TASK TO CARRY OUT
Apart from the pictures, write out all the records exactly.

(Images for object localization)
▶

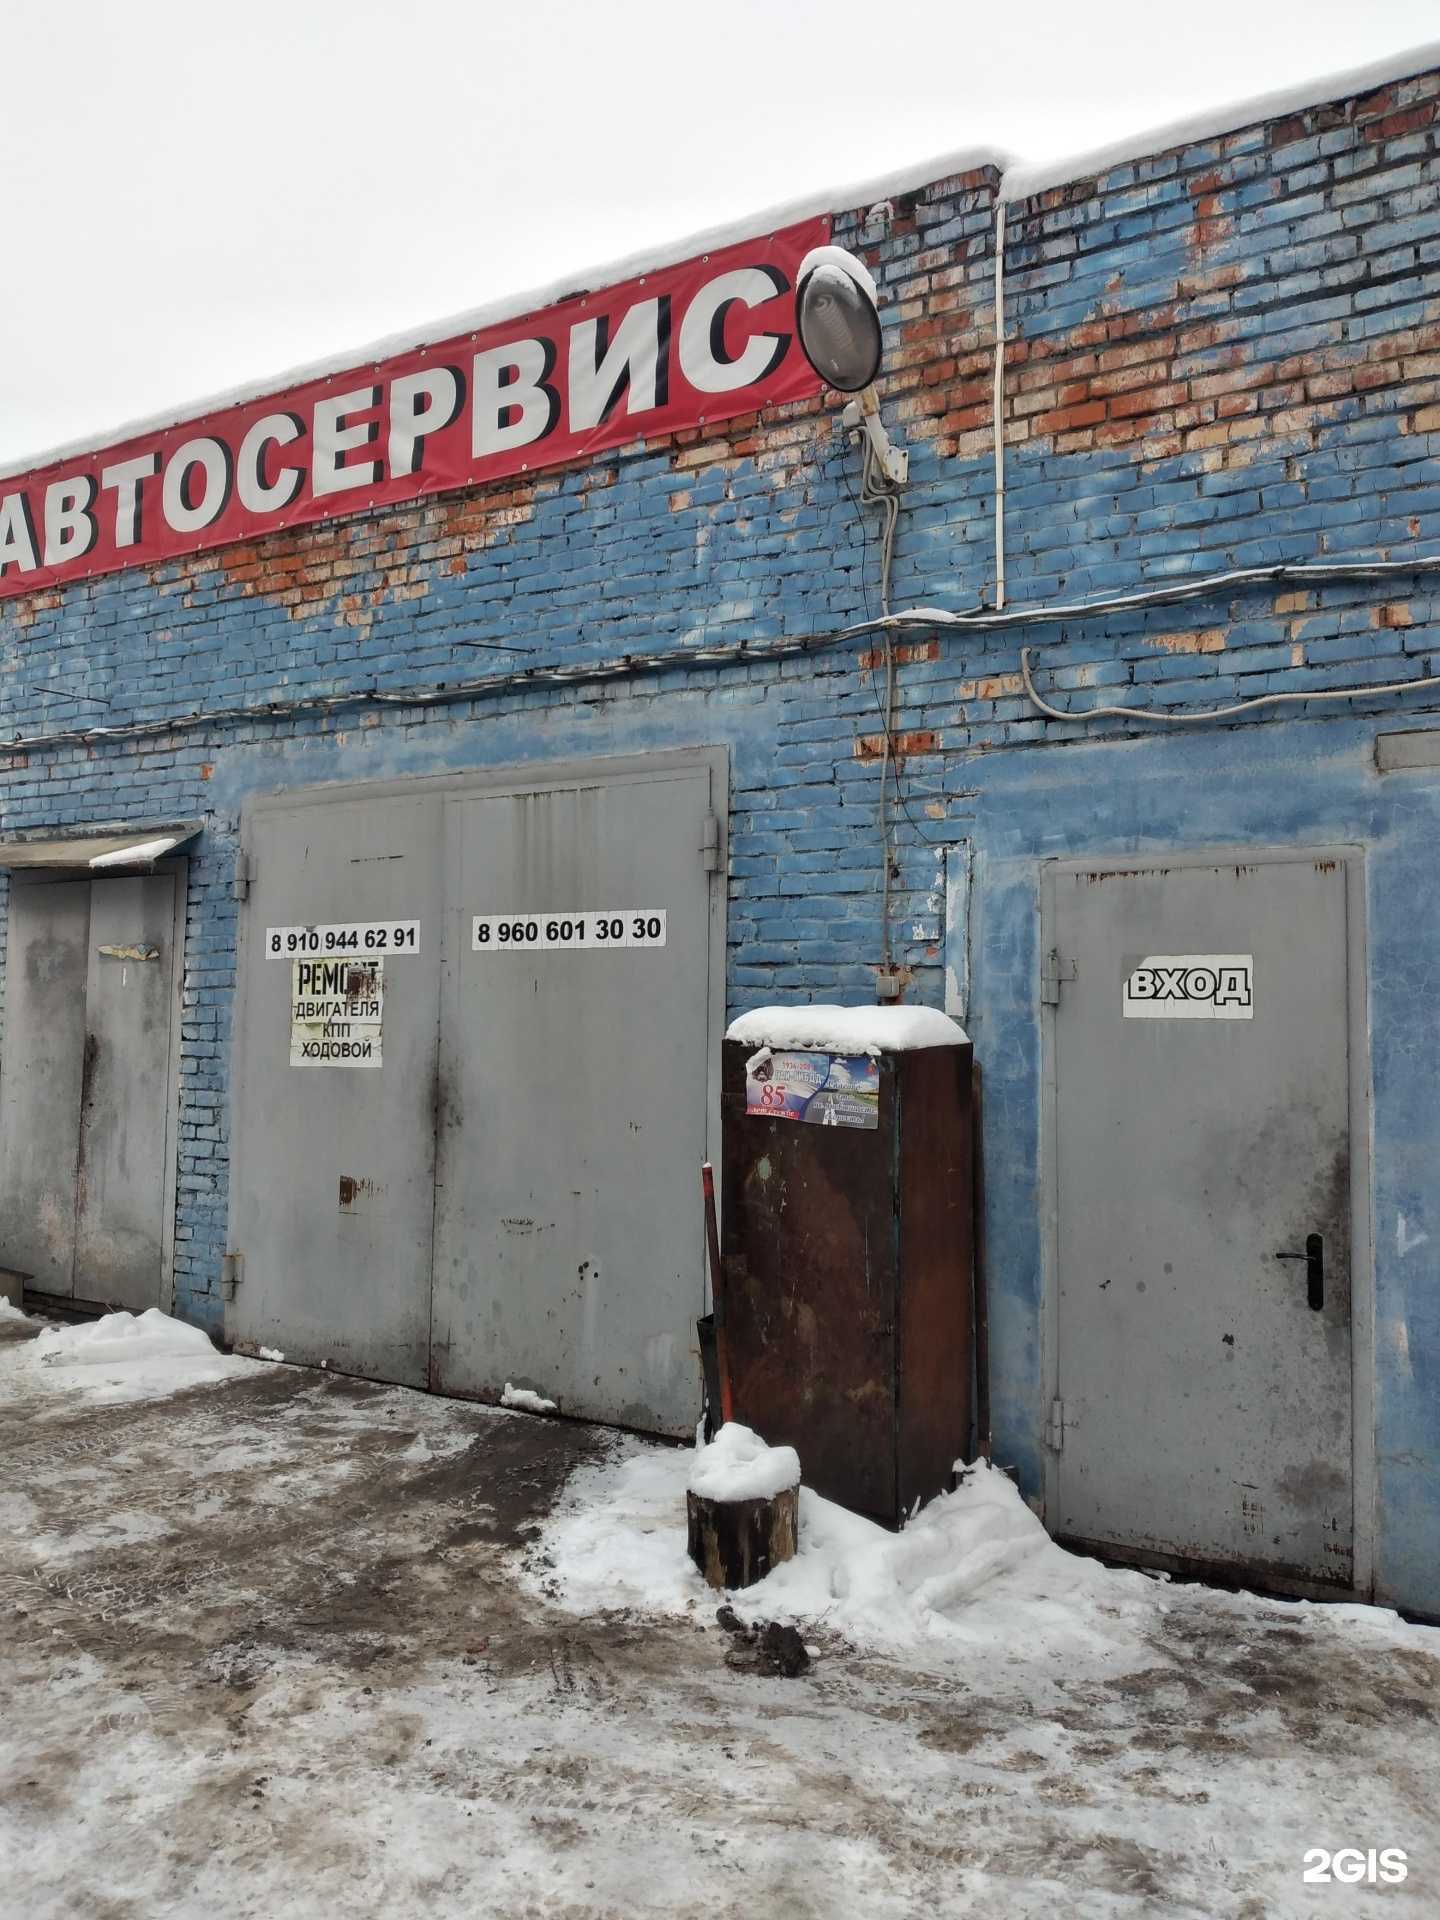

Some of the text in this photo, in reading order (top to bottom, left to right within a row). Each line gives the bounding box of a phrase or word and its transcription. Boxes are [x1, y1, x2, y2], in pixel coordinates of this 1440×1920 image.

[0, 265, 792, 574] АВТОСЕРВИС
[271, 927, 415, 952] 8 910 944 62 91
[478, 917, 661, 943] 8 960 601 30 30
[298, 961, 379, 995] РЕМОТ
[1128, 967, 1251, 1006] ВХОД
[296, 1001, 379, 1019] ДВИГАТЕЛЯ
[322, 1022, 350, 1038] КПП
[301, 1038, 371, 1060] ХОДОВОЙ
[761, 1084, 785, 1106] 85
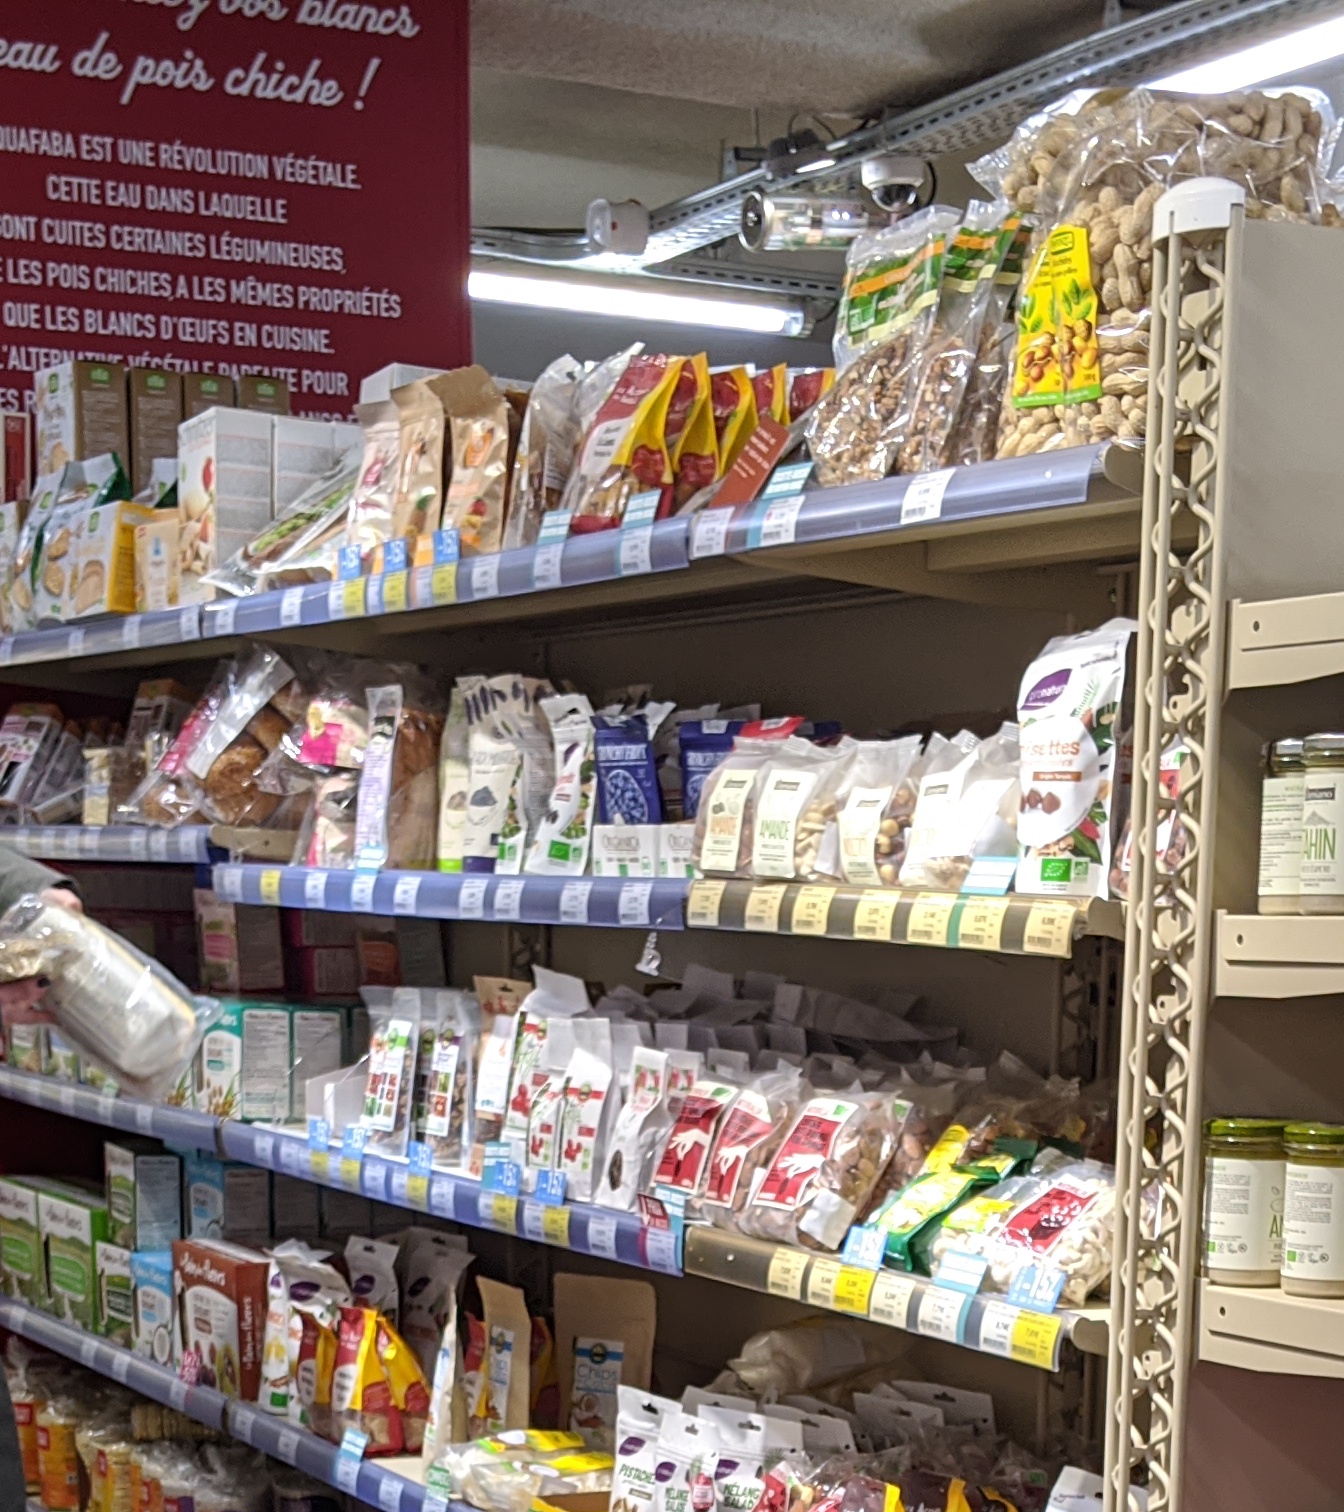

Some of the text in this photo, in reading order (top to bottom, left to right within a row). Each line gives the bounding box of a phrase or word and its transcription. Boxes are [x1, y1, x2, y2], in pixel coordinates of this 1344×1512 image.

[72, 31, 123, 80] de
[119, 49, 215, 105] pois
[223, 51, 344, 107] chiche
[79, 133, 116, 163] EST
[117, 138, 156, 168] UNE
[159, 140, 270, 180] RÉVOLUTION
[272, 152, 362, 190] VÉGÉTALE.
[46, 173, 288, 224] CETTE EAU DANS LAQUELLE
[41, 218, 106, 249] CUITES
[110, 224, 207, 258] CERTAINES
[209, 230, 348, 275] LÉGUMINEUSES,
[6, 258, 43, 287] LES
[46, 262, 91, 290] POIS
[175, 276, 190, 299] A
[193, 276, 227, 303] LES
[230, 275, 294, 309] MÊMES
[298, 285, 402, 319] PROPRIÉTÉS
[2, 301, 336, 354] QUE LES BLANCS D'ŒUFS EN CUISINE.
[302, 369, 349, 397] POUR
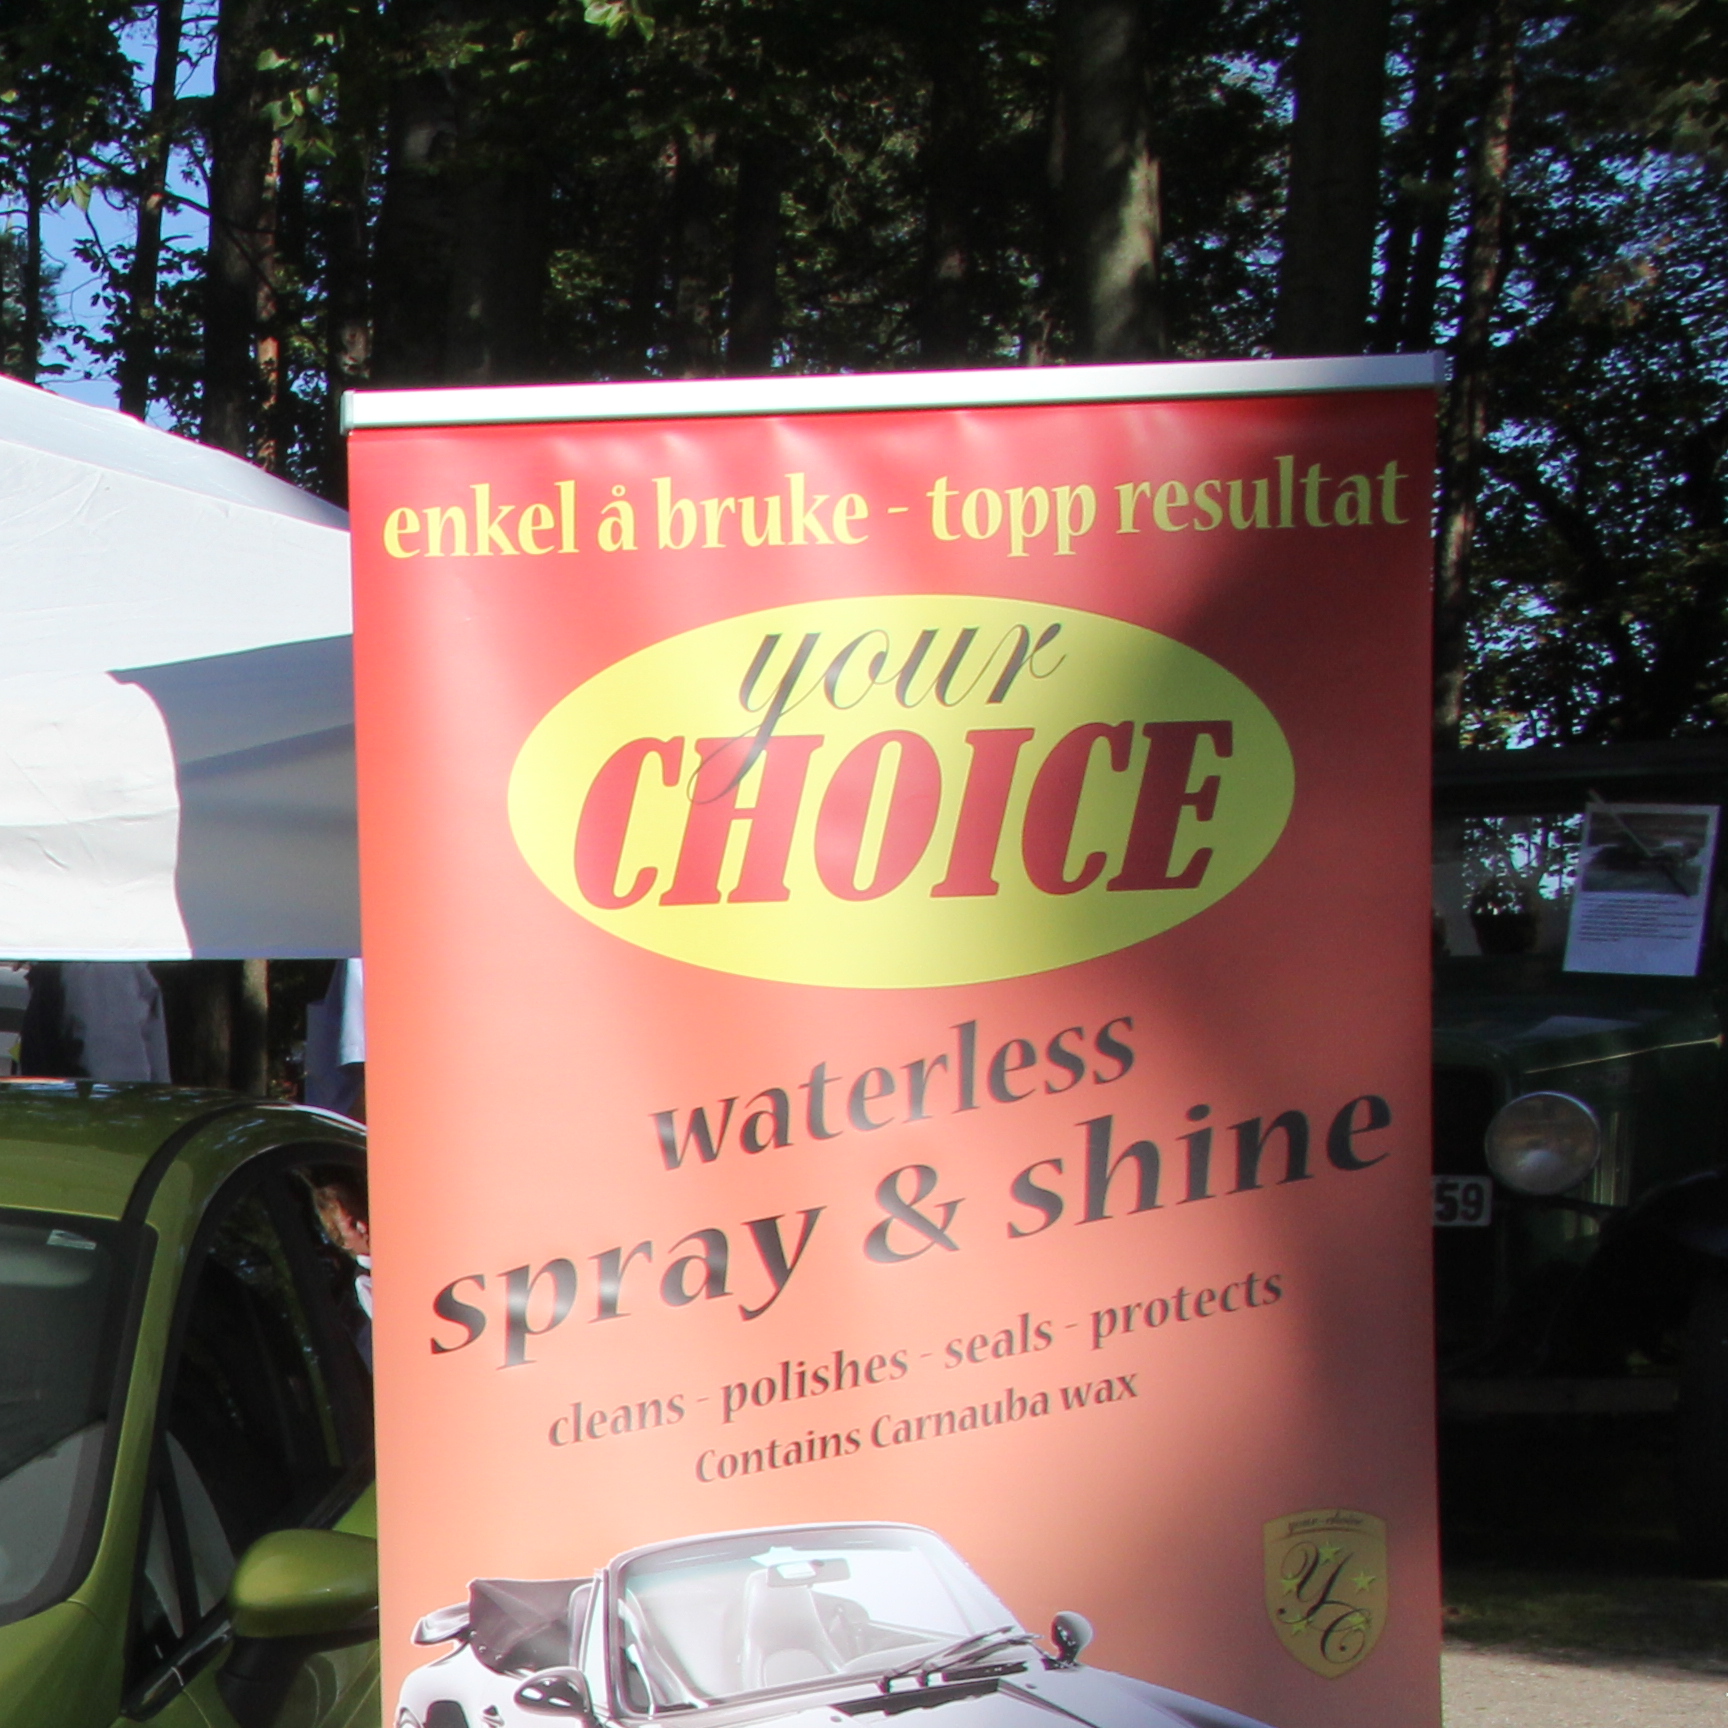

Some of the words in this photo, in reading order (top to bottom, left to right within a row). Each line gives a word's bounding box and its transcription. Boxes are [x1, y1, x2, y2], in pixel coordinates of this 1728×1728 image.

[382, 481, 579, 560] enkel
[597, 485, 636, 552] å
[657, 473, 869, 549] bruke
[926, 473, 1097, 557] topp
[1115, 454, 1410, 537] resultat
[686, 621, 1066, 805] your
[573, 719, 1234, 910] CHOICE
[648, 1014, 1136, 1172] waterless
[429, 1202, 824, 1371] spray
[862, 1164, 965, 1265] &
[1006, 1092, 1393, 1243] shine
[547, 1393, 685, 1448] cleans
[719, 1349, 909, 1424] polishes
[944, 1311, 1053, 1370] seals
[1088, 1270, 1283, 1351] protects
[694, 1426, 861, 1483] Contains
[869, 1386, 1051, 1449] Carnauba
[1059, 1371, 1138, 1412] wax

◀

EXERCISE RESULT
Some of the text in this photo, in reading order (top to bottom, left to right within a row). Each line gives the bounding box of a phrase or word and its transcription. Boxes are [x1, y1, x2, y2], in pixel coordinates of this 1440×1920 image.

[0, 265, 792, 574] АВТОСЕРВИС
[271, 927, 415, 952] 8 910 944 62 91
[478, 917, 661, 943] 8 960 601 30 30
[298, 961, 379, 995] РЕМОТ
[1128, 967, 1251, 1006] ВХОД
[296, 1001, 379, 1019] ДВИГАТЕЛЯ
[322, 1022, 350, 1038] КПП
[301, 1038, 371, 1060] ХОДОВОЙ
[761, 1084, 785, 1106] 85

Some of the text in this photo, in reading order (top to bottom, left to right within a row). Each line gives the bounding box of a phrase or word and its transcription. Boxes are [x1, y1, x2, y2], in pixel coordinates of this 1344×1512 image.

[72, 31, 123, 80] de
[119, 49, 215, 105] pois
[223, 51, 344, 107] chiche
[79, 133, 116, 163] EST
[117, 138, 156, 168] UNE
[159, 140, 270, 180] RÉVOLUTION
[272, 152, 362, 190] VÉGÉTALE.
[46, 173, 288, 224] CETTE EAU DANS LAQUELLE
[41, 218, 106, 249] CUITES
[110, 224, 207, 258] CERTAINES
[209, 230, 348, 275] LÉGUMINEUSES,
[6, 258, 43, 287] LES
[46, 262, 91, 290] POIS
[175, 276, 190, 299] A
[193, 276, 227, 303] LES
[230, 275, 294, 309] MÊMES
[298, 285, 402, 319] PROPRIÉTÉS
[2, 301, 336, 354] QUE LES BLANCS D'ŒUFS EN CUISINE.
[302, 369, 349, 397] POUR

Some of the words in this photo, in reading order (top to bottom, left to right within a row). Each line gives a word's bounding box and its transcription. Boxes are [x1, y1, x2, y2], in pixel coordinates of this 1728×1728 image.

[382, 481, 579, 560] enkel
[597, 485, 636, 552] å
[657, 473, 869, 549] bruke
[926, 473, 1097, 557] topp
[1115, 454, 1410, 537] resultat
[686, 621, 1066, 805] your
[573, 719, 1234, 910] CHOICE
[648, 1014, 1136, 1172] waterless
[429, 1202, 824, 1371] spray
[862, 1164, 965, 1265] &
[1006, 1092, 1393, 1243] shine
[547, 1393, 685, 1448] cleans
[719, 1349, 909, 1424] polishes
[944, 1311, 1053, 1370] seals
[1088, 1270, 1283, 1351] protects
[694, 1426, 861, 1483] Contains
[869, 1386, 1051, 1449] Carnauba
[1059, 1371, 1138, 1412] wax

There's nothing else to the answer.